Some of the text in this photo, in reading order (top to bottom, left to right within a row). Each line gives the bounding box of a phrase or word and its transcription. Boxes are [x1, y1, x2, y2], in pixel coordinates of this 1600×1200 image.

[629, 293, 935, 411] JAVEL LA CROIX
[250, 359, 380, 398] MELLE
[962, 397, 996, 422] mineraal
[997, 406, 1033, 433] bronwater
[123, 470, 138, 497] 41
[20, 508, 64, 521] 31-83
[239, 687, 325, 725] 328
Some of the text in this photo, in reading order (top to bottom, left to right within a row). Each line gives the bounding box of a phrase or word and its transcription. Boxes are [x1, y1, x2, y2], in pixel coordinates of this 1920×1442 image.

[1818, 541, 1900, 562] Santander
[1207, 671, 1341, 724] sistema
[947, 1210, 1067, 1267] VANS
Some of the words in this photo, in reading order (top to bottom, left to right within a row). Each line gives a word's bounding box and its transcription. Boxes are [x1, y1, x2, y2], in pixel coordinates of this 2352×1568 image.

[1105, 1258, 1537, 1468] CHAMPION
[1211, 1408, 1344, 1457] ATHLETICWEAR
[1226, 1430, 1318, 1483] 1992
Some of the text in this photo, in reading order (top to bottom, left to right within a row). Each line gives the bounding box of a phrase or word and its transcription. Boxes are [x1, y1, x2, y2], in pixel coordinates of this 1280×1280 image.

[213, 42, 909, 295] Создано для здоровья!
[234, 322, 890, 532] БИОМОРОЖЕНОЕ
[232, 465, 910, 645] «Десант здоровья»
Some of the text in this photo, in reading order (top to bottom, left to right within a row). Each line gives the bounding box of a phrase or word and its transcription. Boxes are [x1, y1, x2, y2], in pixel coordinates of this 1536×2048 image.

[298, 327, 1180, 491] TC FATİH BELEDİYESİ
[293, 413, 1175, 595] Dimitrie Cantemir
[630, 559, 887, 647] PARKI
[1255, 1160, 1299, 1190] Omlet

* _EXERCISE DIRECTIONS_: The material above must be returned in full, exactly as written.

* _FINAL ANSWER_:
Some of the text in this photo, in reading order (top to bottom, left to right within a row). Each line gives the bounding box of a phrase or word and its transcription. Boxes are [x1, y1, x2, y2], in pixel coordinates of this 1600×1200 image.

[629, 293, 935, 411] JAVEL LA CROIX
[250, 359, 380, 398] MELLE
[962, 397, 996, 422] mineraal
[997, 406, 1033, 433] bronwater
[123, 470, 138, 497] 41
[20, 508, 64, 521] 31-83
[239, 687, 325, 725] 328
Some of the text in this photo, in reading order (top to bottom, left to right within a row). Each line gives the bounding box of a phrase or word and its transcription. Boxes are [x1, y1, x2, y2], in pixel coordinates of this 1920×1442 image.

[1818, 541, 1900, 562] Santander
[1207, 671, 1341, 724] sistema
[947, 1210, 1067, 1267] VANS
Some of the words in this photo, in reading order (top to bottom, left to right within a row). Each line gives a word's bounding box and its transcription. Boxes are [x1, y1, x2, y2], in pixel coordinates of this 2352×1568 image.

[1105, 1258, 1537, 1468] CHAMPION
[1211, 1408, 1344, 1457] ATHLETICWEAR
[1226, 1430, 1318, 1483] 1992
Some of the text in this photo, in reading order (top to bottom, left to right within a row). Each line gives the bounding box of a phrase or word and its transcription. Boxes are [x1, y1, x2, y2], in pixel coordinates of this 1280×1280 image.

[213, 42, 909, 295] Создано для здоровья!
[234, 322, 890, 532] БИОМОРОЖЕНОЕ
[232, 465, 910, 645] «Десант здоровья»
Some of the text in this photo, in reading order (top to bottom, left to right within a row). Each line gives the bounding box of a phrase or word and its transcription. Boxes are [x1, y1, x2, y2], in pixel coordinates of this 1536×2048 image.

[298, 327, 1180, 491] TC FATİH BELEDİYESİ
[293, 413, 1175, 595] Dimitrie Cantemir
[630, 559, 887, 647] PARKI
[1255, 1160, 1299, 1190] Omlet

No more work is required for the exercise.